LITTÉRATURE JAPONAISE

Au prochain arrêt, Hiro Arikawa : train de vies

22 juin 2021

« Il ne vaut rien, répondit la vieille dame […] Et si vous disiez stop ? Parce que vous allez souffrir. » Assises toutes deux dans le wagon de train à destination de Nishinomiya, Misa et la vieille dame ne se connaissent pas. D’où l’étonnement peint sur le visage de Misa quand cette étrangère lui conseille de quitter l’homme violent, en proie à un sentiment d’infériorité, qui vient de la planter après l’avoir publiquement humiliée. Cette remarque en apparence anodine, formulée à la volée entre deux arrêts, fera son chemin dans l’esprit de la jeune fille. Une fois déposée, la graine n’aura plus qu’à germer, la convainquant du bien-fondé de mettre un point final à une relation toxique dont elle sortira brisée. Construit sur une double temporalité : l’aller, puis le retour quelques mois après – nous offrant une vision de la vie des passagers après les micro-collisions qui bousculeront leurs destinées, le huis clos ferroviaire écrit par l’autrice nipponne de Mémoires d’un chat est une parenthèse enchantée et une ode à l’altérité. Une invitation à se laisser surprendre et cueillir par des rencontres inattendues. Ces micro-moments sont autant de légères déviations de lignes de vie, que de bouleversements plus conséquents qui infléchiront durablement les destins des passagers. Des fenêtres sur l’intimité qui se crée entre deux adolescents ou sur le désir de vengeance assouvi d’une femme trompée par son fiancé parti avec une amie…  Cette douce allégorie de la vie qu’est le voyage en train est la preuve que réaliser un pas de côté de temps en temps permet d’envisager la vie plus clairement, en adoptant un angle différent. Accepter l’imprévu c’est se délester des idées préconçues et conscientiser ce que le quotidien contribue à banaliser.

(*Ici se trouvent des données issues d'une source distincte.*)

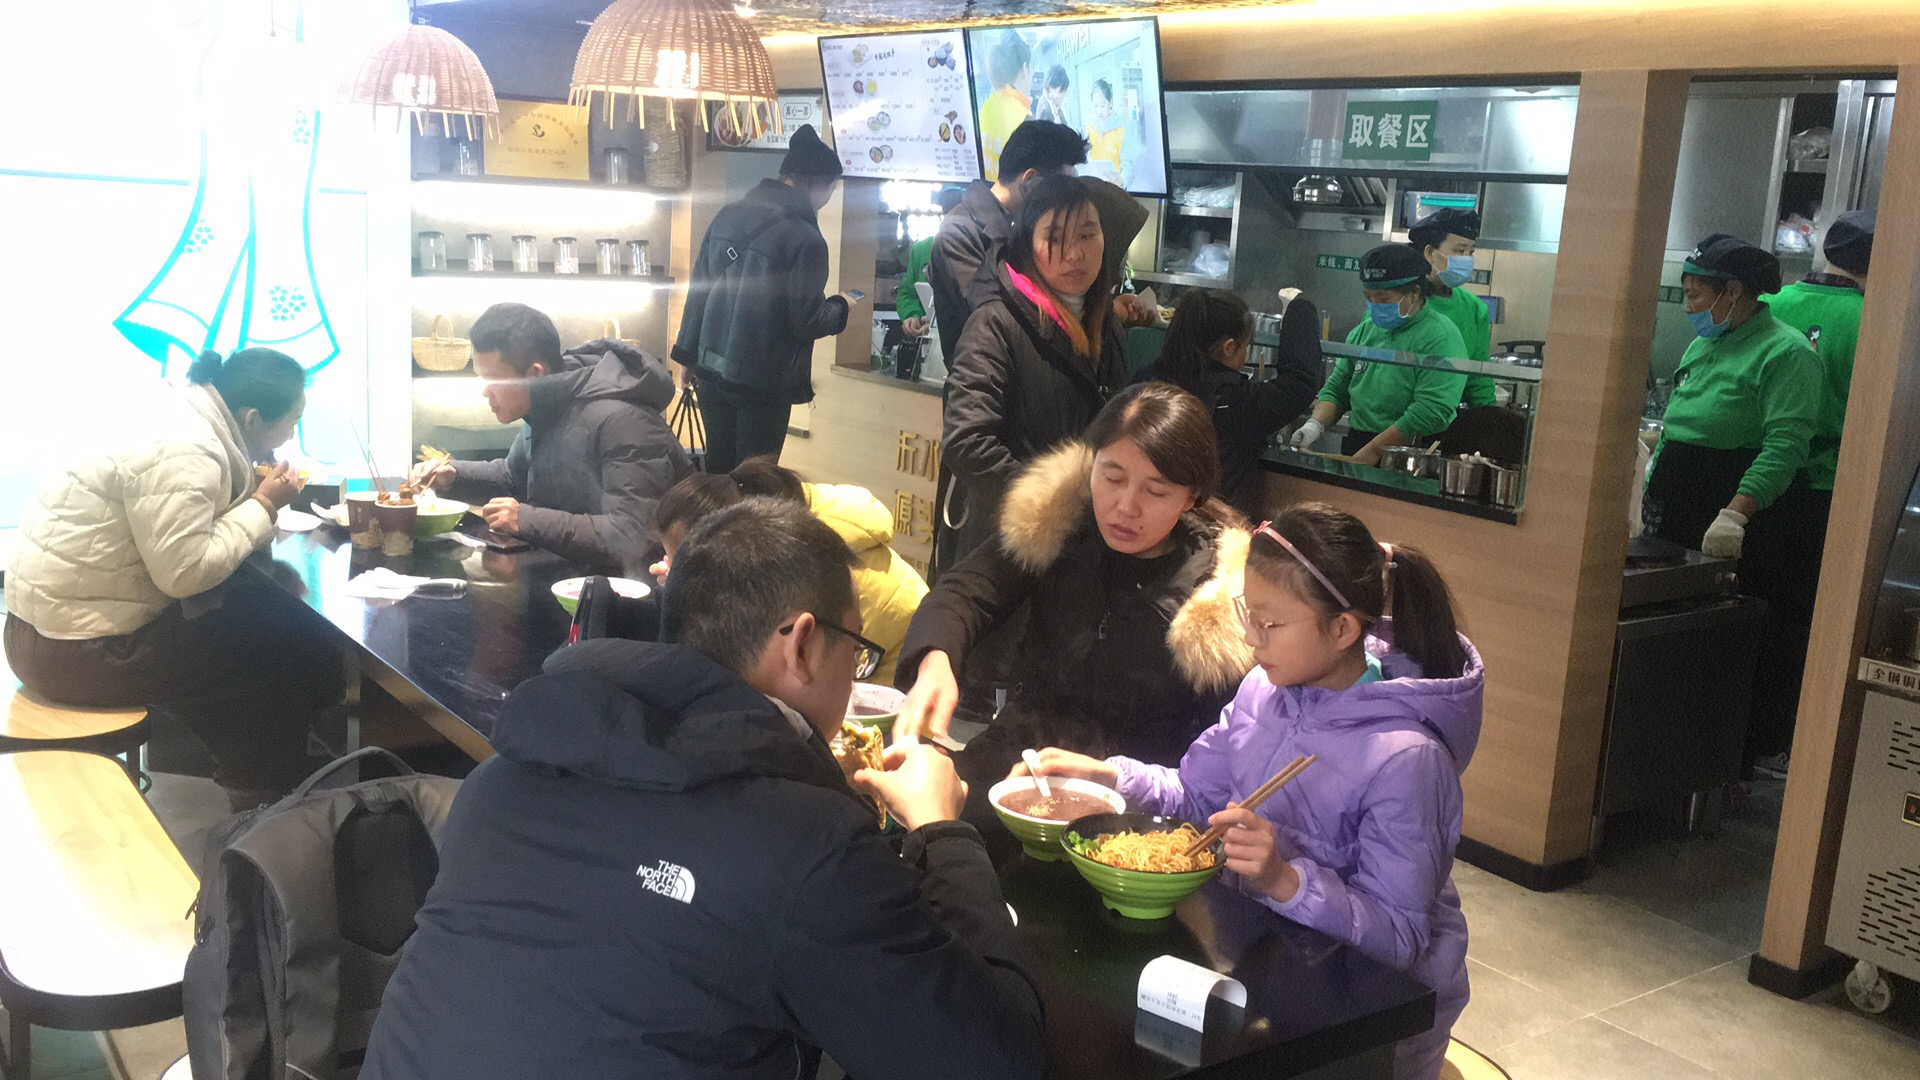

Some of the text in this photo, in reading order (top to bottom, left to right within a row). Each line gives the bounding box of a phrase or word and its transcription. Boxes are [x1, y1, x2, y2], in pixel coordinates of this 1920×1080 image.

[1057, 23, 1091, 61] HUAWEI
[1349, 113, 1431, 149] 取餐区
[636, 864, 677, 886] NORTH
[657, 859, 681, 875] THE
[641, 878, 674, 897] FACE
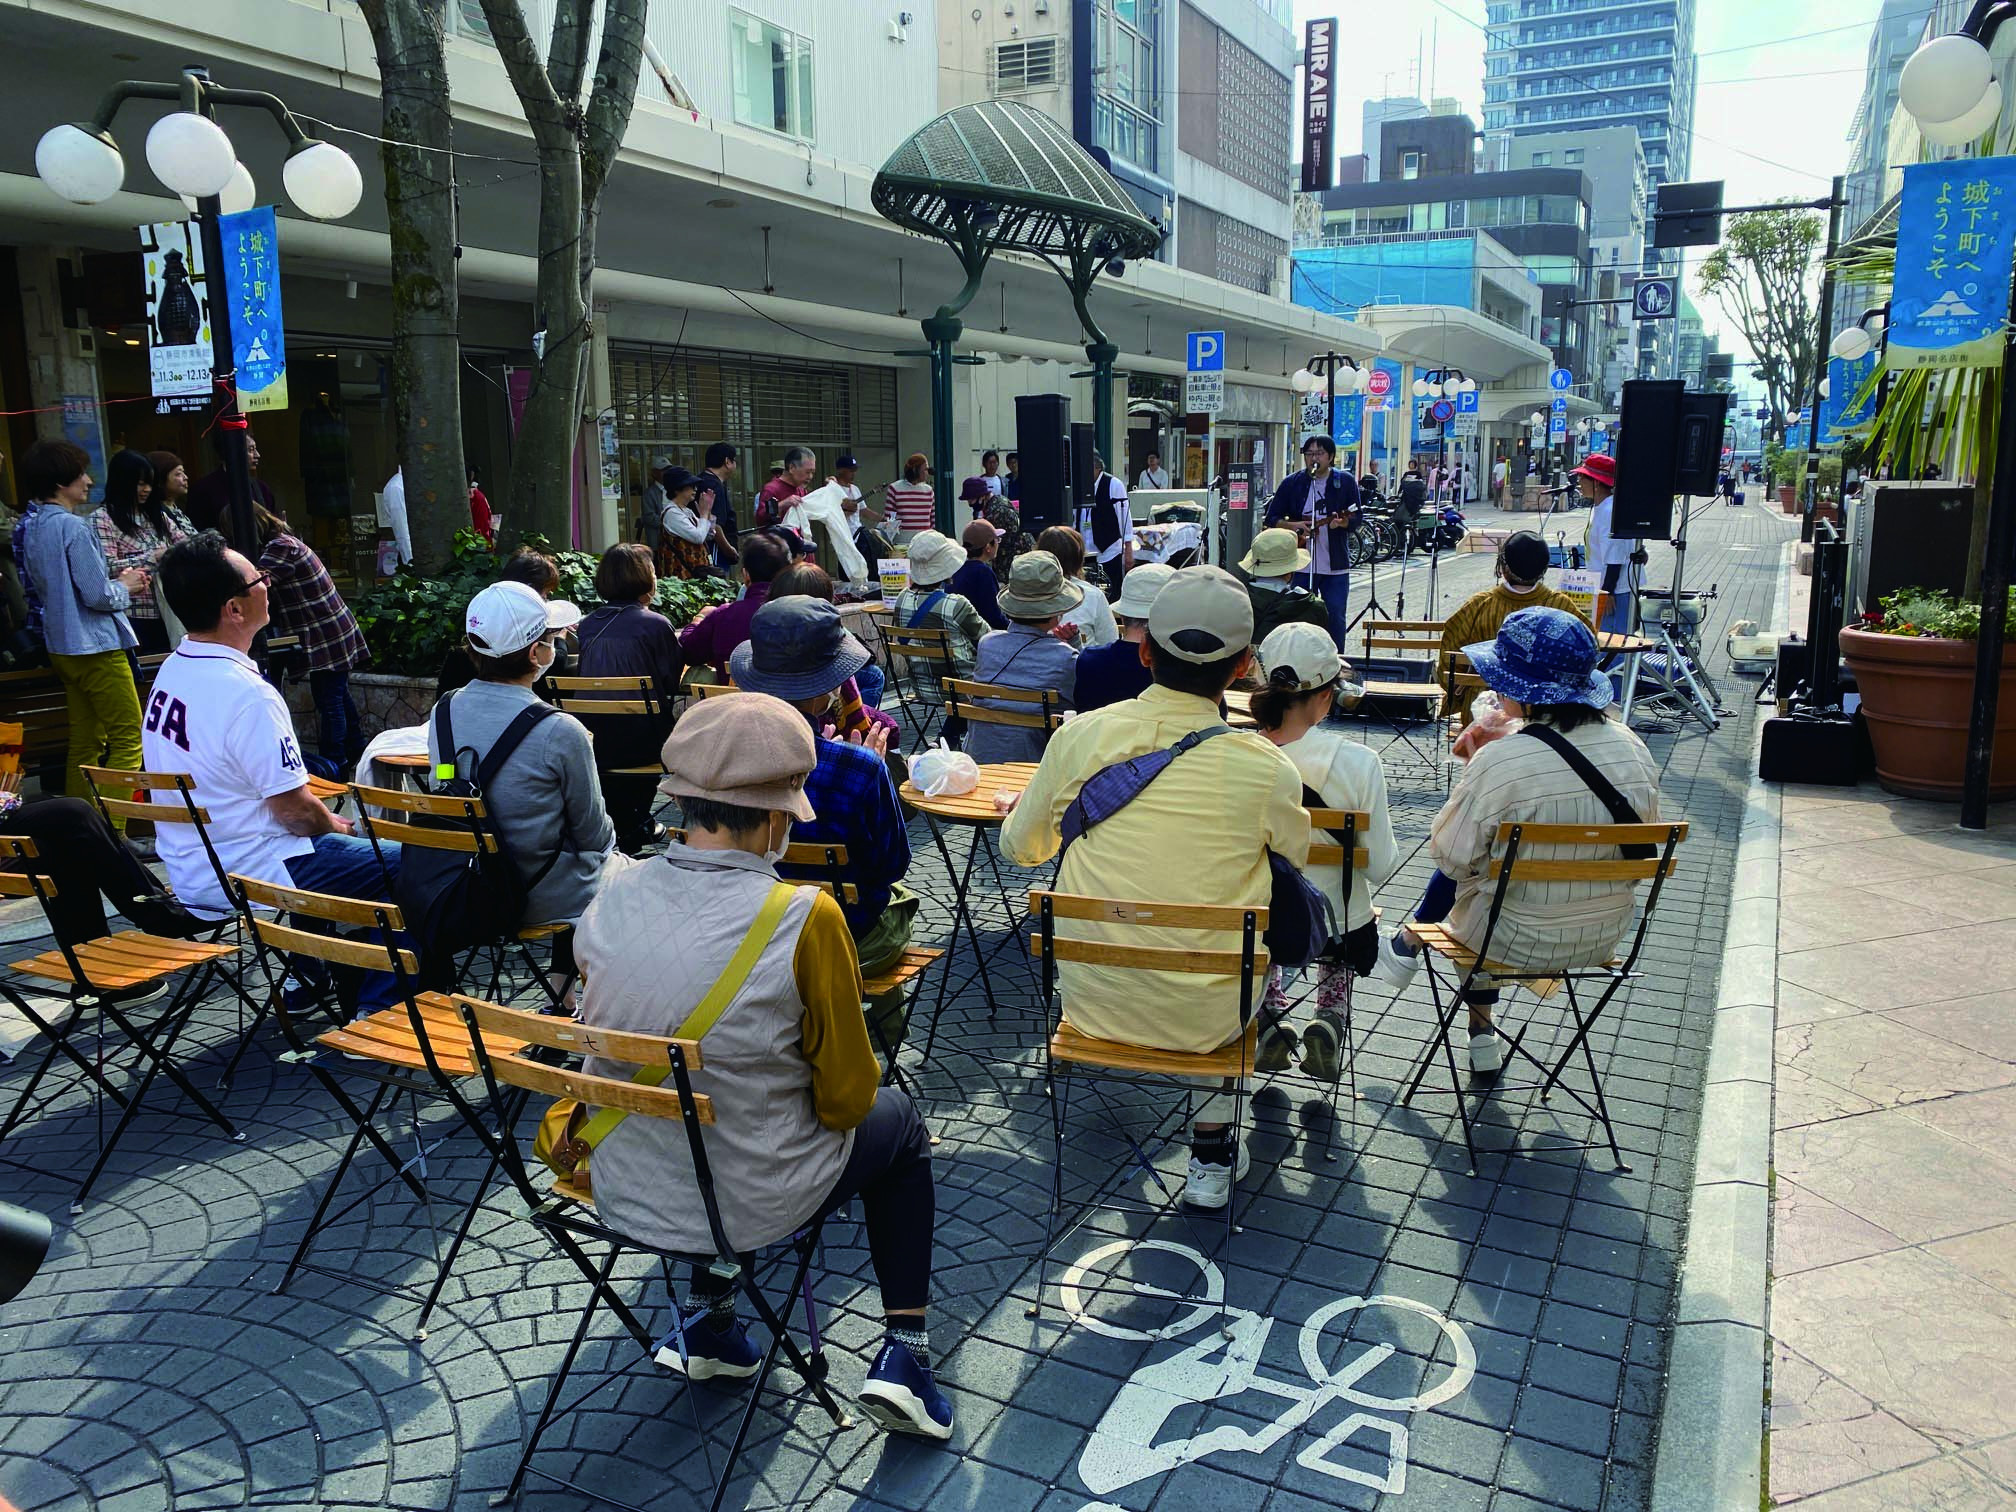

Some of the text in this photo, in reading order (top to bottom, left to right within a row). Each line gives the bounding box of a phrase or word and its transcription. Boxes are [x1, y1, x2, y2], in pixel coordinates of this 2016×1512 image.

[1310, 22, 1330, 119] MIRAIE
[1926, 182, 1953, 279] ようこそ
[1955, 180, 1991, 272] 城下町へ
[238, 232, 254, 327] ようこそ
[249, 229, 269, 319] 城下町へ
[1197, 336, 1218, 369] P
[1462, 393, 1475, 411] P
[1555, 420, 1564, 431] P
[145, 688, 190, 752] SA
[279, 736, 302, 771] 45
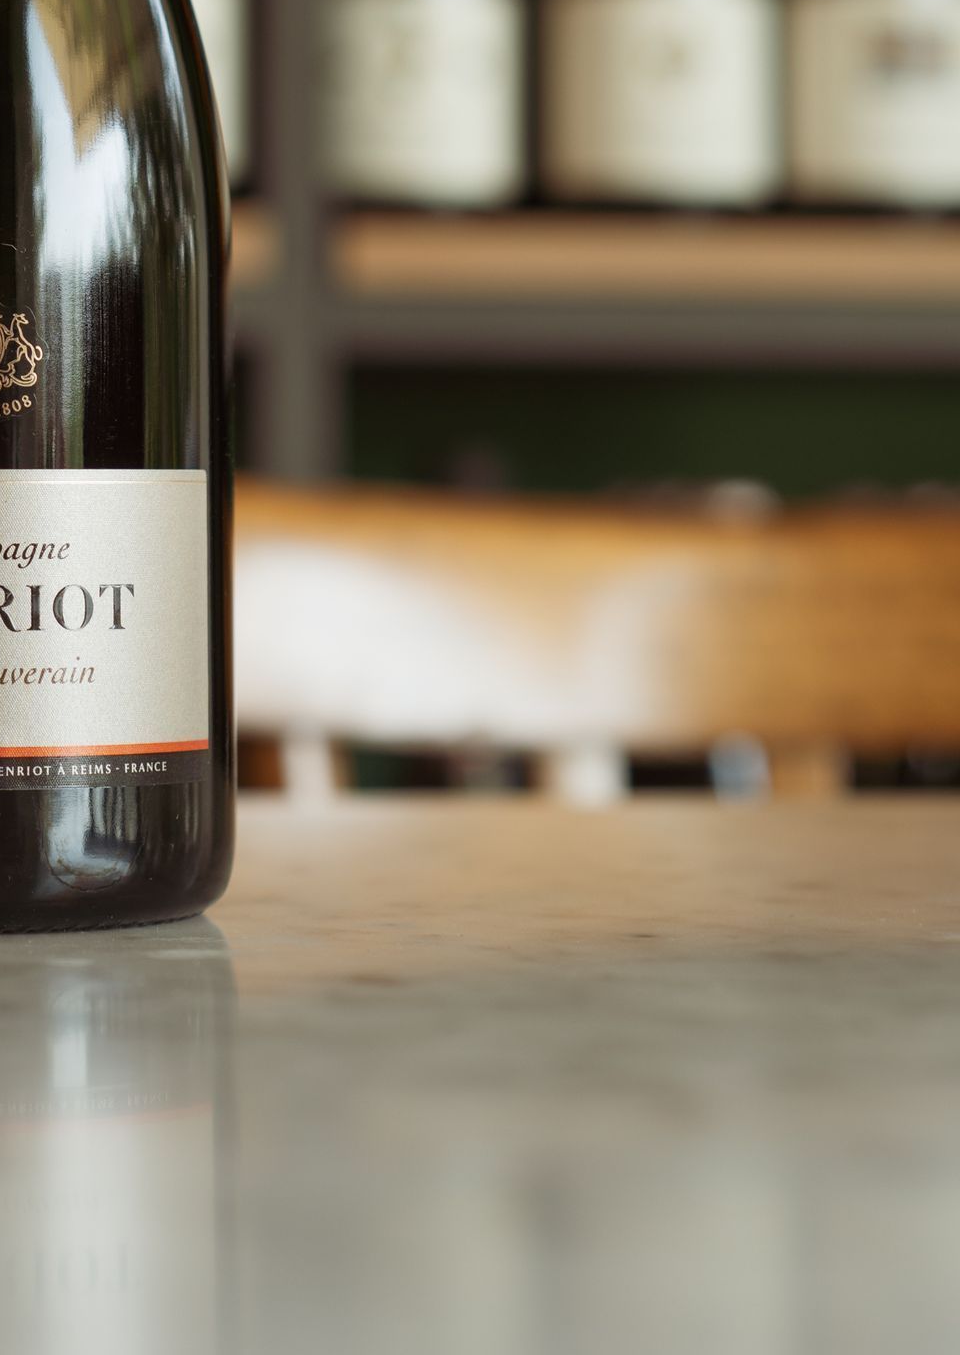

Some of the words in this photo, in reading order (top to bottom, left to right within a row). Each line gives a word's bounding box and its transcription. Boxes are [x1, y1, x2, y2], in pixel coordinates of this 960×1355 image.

[57, 762, 66, 776] À
[71, 762, 112, 776] REIMS
[124, 760, 168, 774] FRANCE
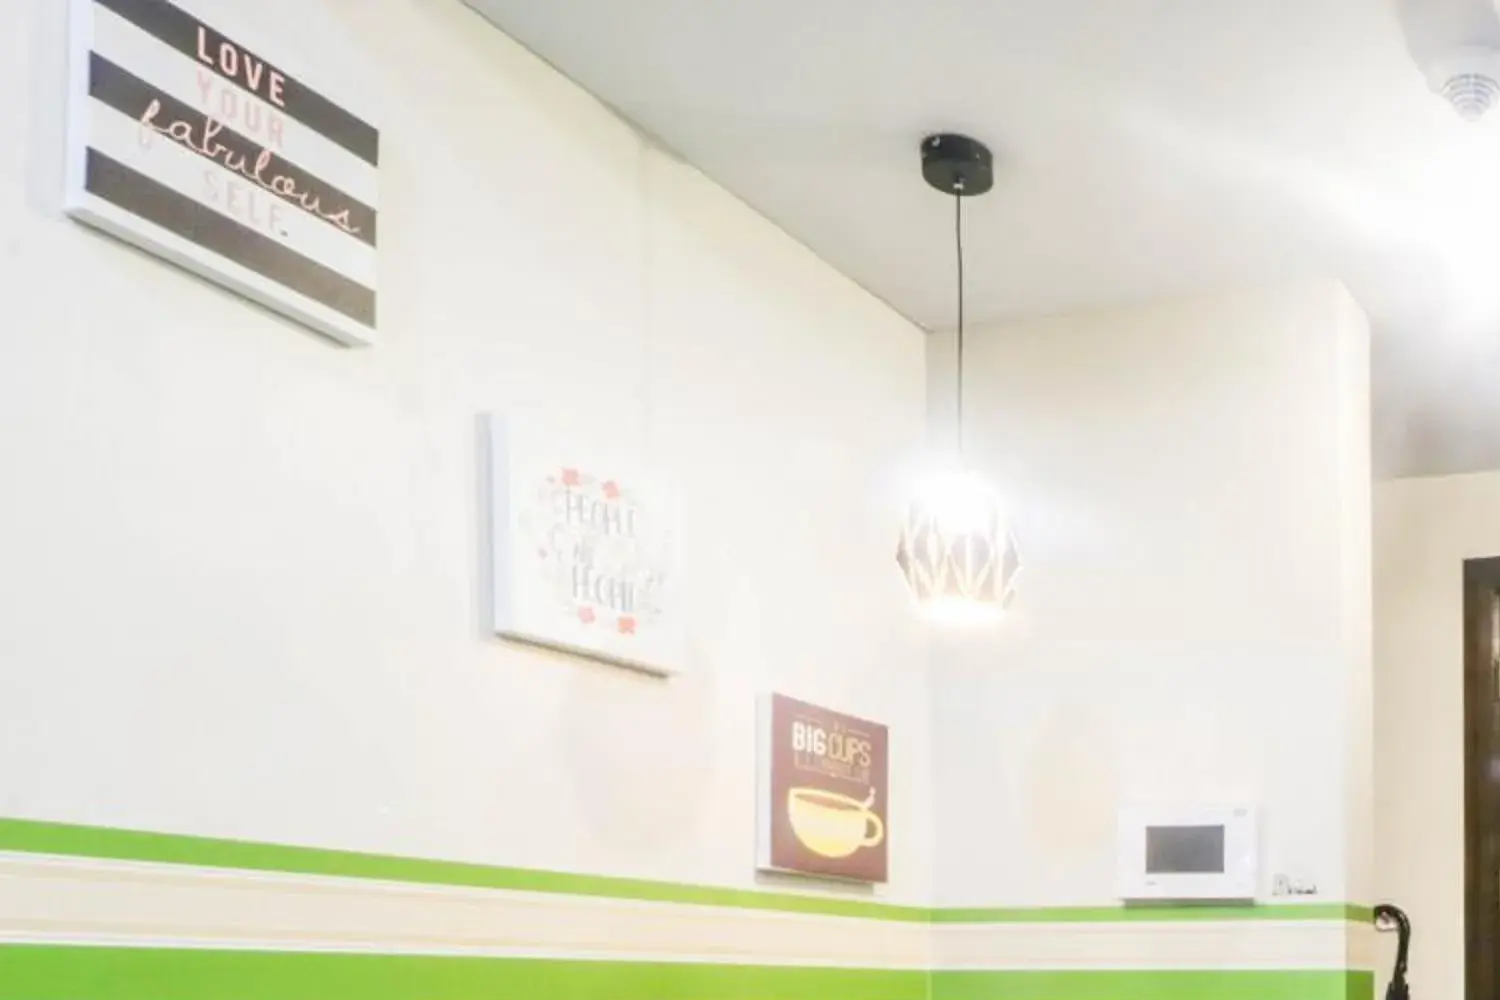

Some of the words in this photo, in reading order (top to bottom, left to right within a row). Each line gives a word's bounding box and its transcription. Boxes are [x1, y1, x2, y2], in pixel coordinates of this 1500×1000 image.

Dans nos sociétés individualistes, où les déviances sécuritaires se doublent d’un repli identitaire, faire le choix de la solidarité est encore le meilleur moyen de résister et c’est précisément ce que fait Hiro Arikawa dans ce court et lumineux roman tout en subtilité, conçu comme un éloge de l’instant présent.


Mon évaluation : 4/5

Date de parution : 2021. Actes Sud, traduit du japonais par Sophie Refle, 192 pages.